Po 4:00 nad ranem Księżyc wkroczył
do znaku pracowitej Panny. Przez
kolejne dwa dni, gdy będzie przebywał w tym znaku, zachęci nas do drobiazgowego
analizowania rzeczywistości, do organizowania działań i przestrzeni wokół nas,
do planowania i wkładania wysiłku w porządkowanie chaosu. To dobre dni na
wykonanie od dawna zalegających nam żmudnych zadań, na wprowadzenie ładu w
domu, a także na zwrócenie uwagi na swoje zdrowie i kondycję.

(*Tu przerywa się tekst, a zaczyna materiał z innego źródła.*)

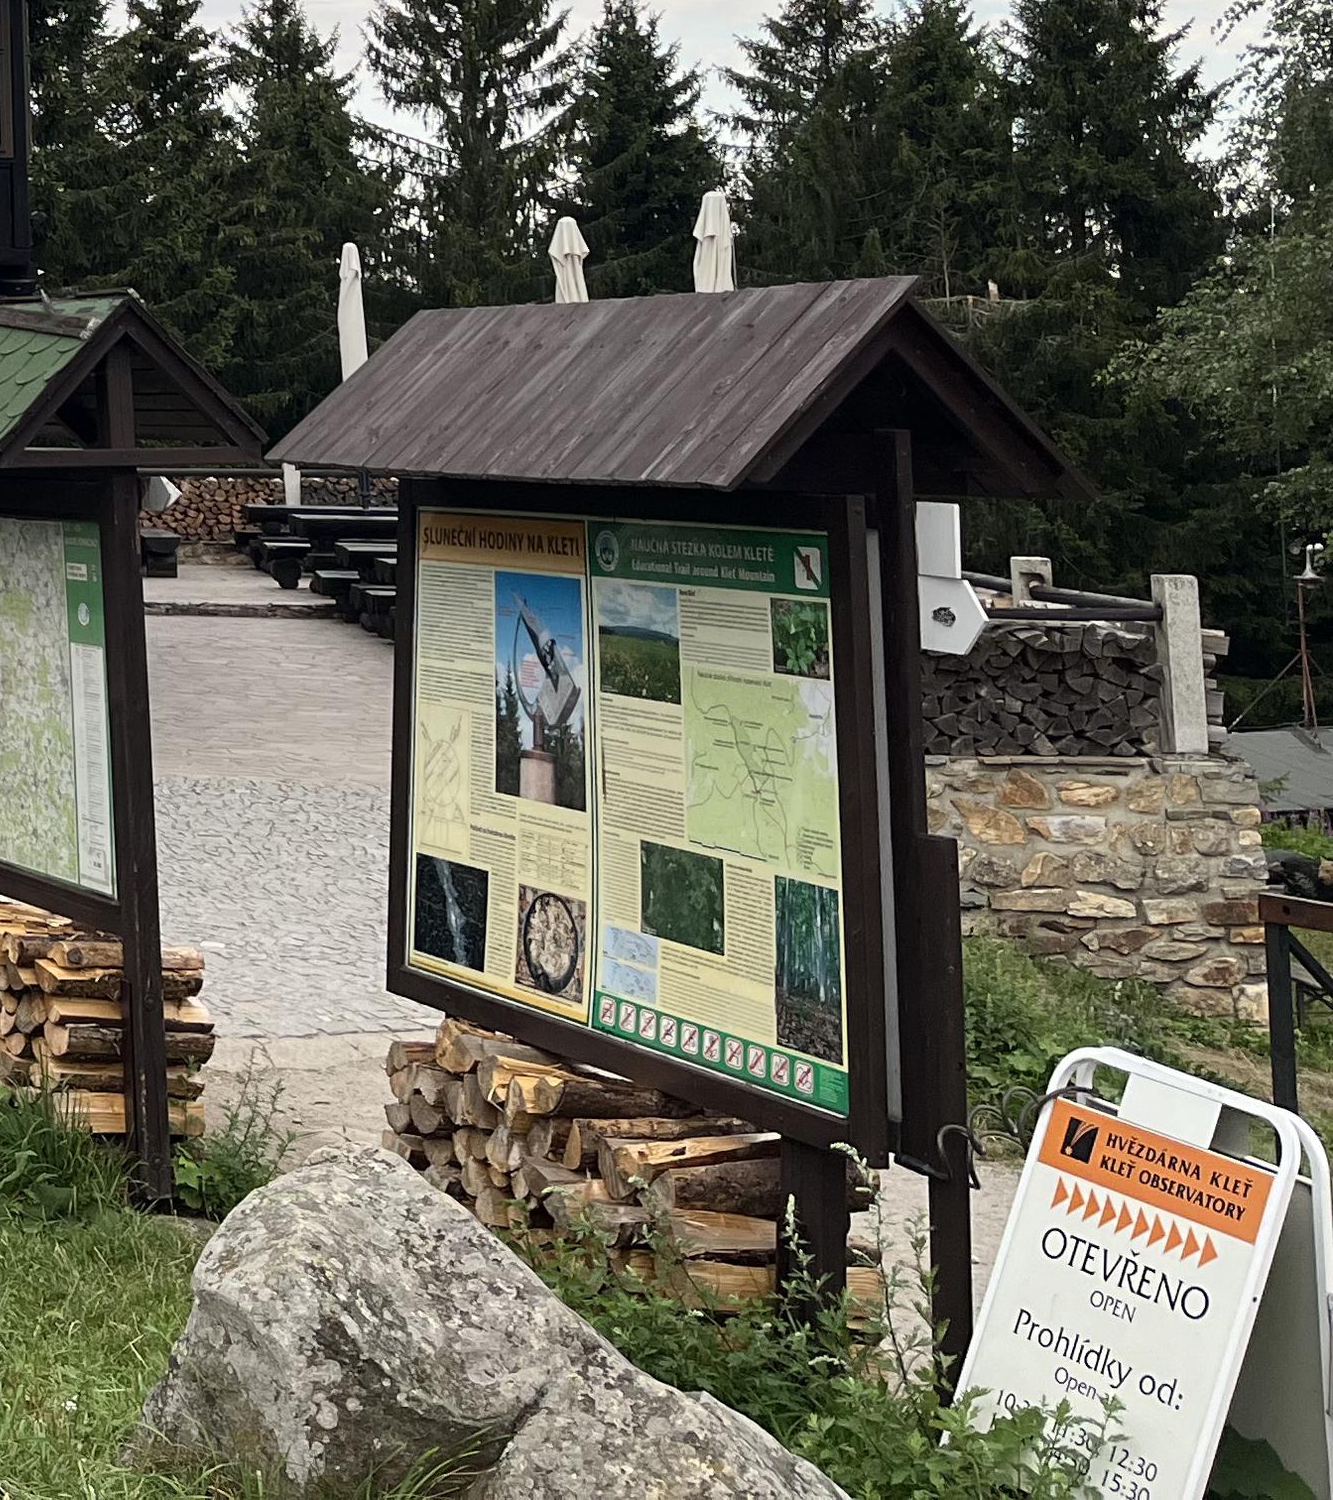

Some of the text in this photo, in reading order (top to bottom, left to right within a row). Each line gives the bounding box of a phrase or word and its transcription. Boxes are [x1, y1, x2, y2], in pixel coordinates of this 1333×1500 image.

[423, 525, 581, 557] SLUNEČNÍ HODINY NA KLETI
[708, 543, 743, 560] KOLEM
[631, 558, 673, 574] Educational
[674, 562, 690, 575] Trail
[692, 565, 719, 578] around
[738, 567, 775, 583] Mountain
[1106, 1132, 1253, 1198] HVĚZDÁRNA KLEŤ
[1100, 1155, 1247, 1221] KLEŤ OBSERVATORY
[1041, 1227, 1209, 1320] OTEVŘENO
[1090, 1290, 1136, 1323] OPEN
[1013, 1308, 1183, 1410] Prohlídky od:
[1054, 1366, 1097, 1400] Open
[1109, 1446, 1158, 1482] 12:30
[1102, 1469, 1150, 1500] 15:30
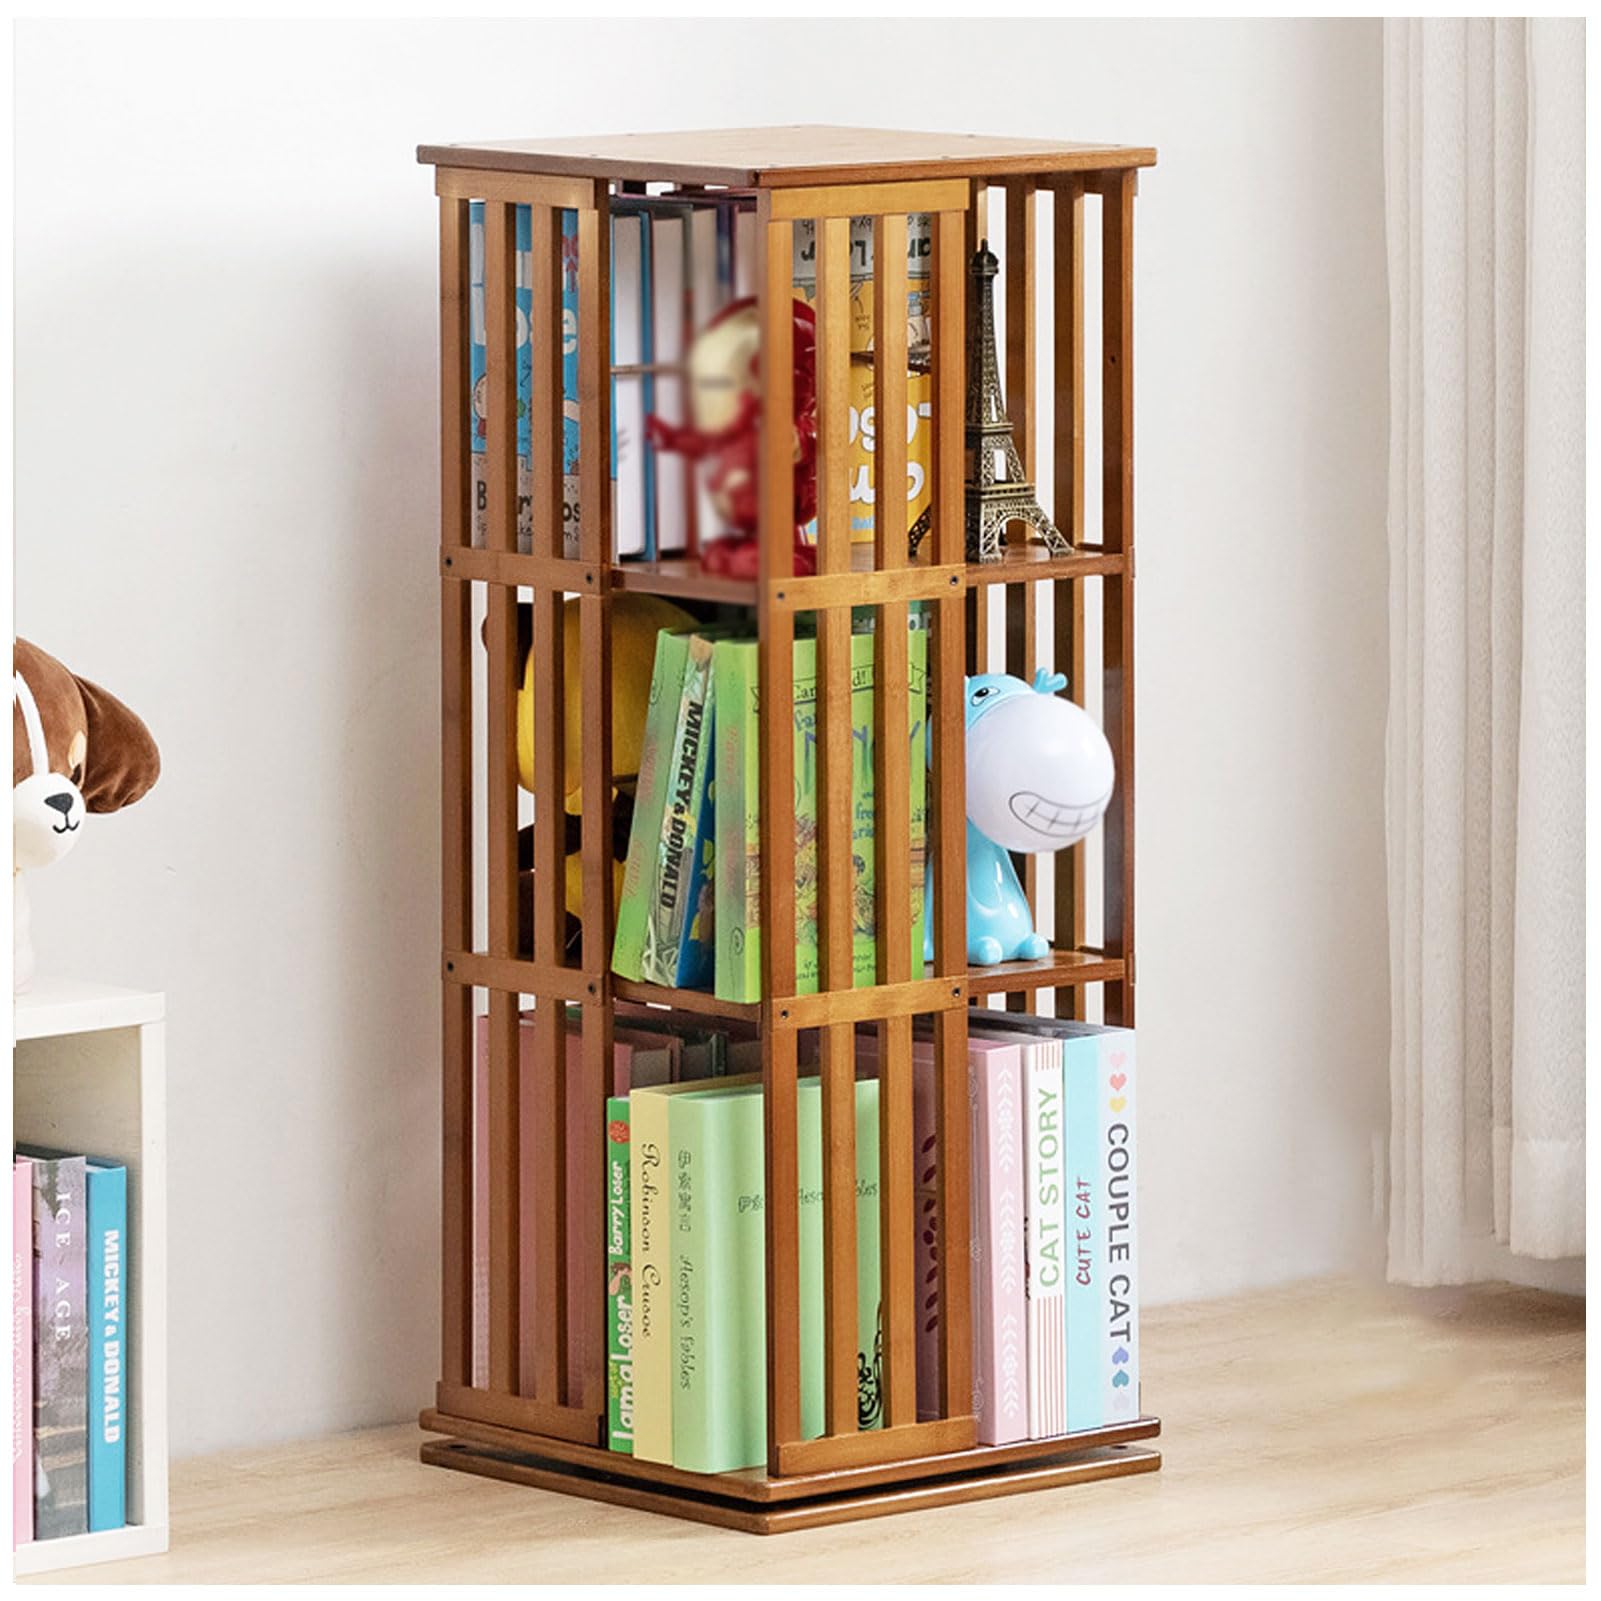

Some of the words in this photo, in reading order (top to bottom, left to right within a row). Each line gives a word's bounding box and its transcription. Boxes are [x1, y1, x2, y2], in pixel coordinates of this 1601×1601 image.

Po 9:00 rano Księżyc utworzył
kwinkunks do Słońca w Wodniku, niosąc odrobinę frustracji. Co mogło nie
pójść po naszej myśli.
Tuż po 12:00 uściśli się kwadratura
Merkurego w Koziorożcu z Uranem w Baranie, aspekt, który szczegółowo
opisałam we wczorajszym poście. Na cały dzień podnosi nam dziś poziom stresu,
ale i niesie podekscytowanie. Mogą nam się dziś przytrafiać nieoczekiwane
zmiany planów, nagłe, niespodziewane zmiany, które trochę wytrącą nas z
równowagi… Wiadomości, które dziś otrzymamy, mogą trochę nami wstrząsnąć.

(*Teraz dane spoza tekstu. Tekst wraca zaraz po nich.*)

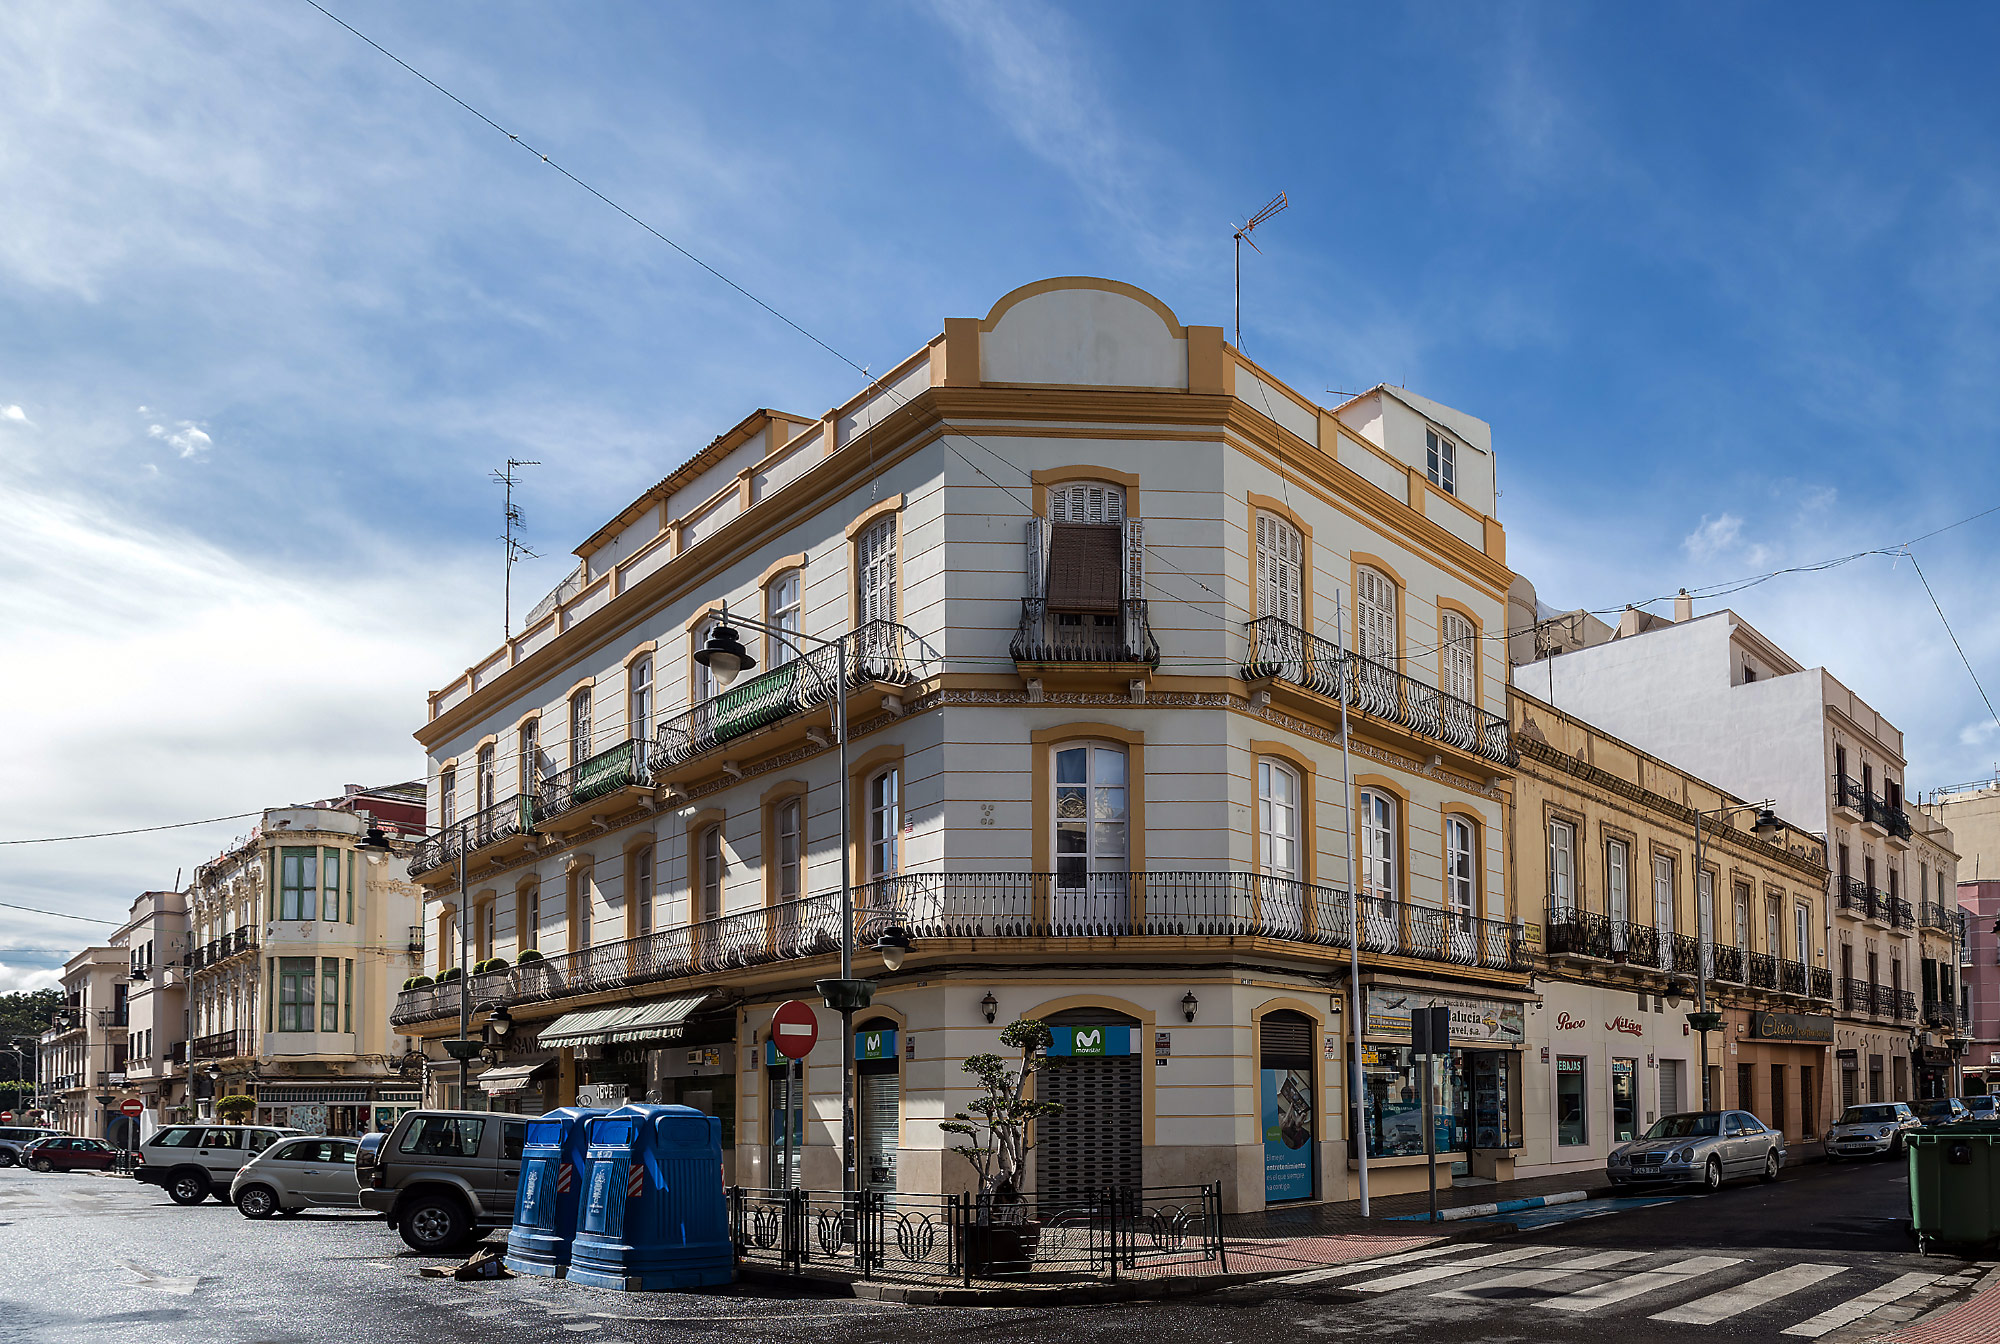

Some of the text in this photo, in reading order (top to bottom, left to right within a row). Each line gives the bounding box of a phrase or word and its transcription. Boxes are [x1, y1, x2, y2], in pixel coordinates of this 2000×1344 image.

[1556, 1011, 1643, 1037] Paco Milán
[597, 1085, 626, 1100] JOYERIA

Przygotujmy się też, że możliwe dziś są awarie sprzętów elektronicznych i
działających na elektryczność.
Do końca dnia Księżyc nie będzie już tworzył żadnych istotnych aspektów do
planet, niemniej pod wieczór budowało się będzie napięcie kwadratur do planet w
Strzelcu i opozycji do Neptuna w Rybach. Może być mniej przyjemnie, a przede
wszystkim – mgliście (zarówno dosłownie, jak i metaforycznie). Nie wszystkie
elementy rzeczywistości będziemy widzieli wyraźnie.
Już jutro Merkury przejdzie do znaku Wodnika i poczujemy się, jakby nasz
umysł zrzucił okowy. Będziemy bardziej otwarci na nowe sposoby myślenia,
nowatorskie idee, niezależne poglądy. Możliwe przebłyski geniuszu!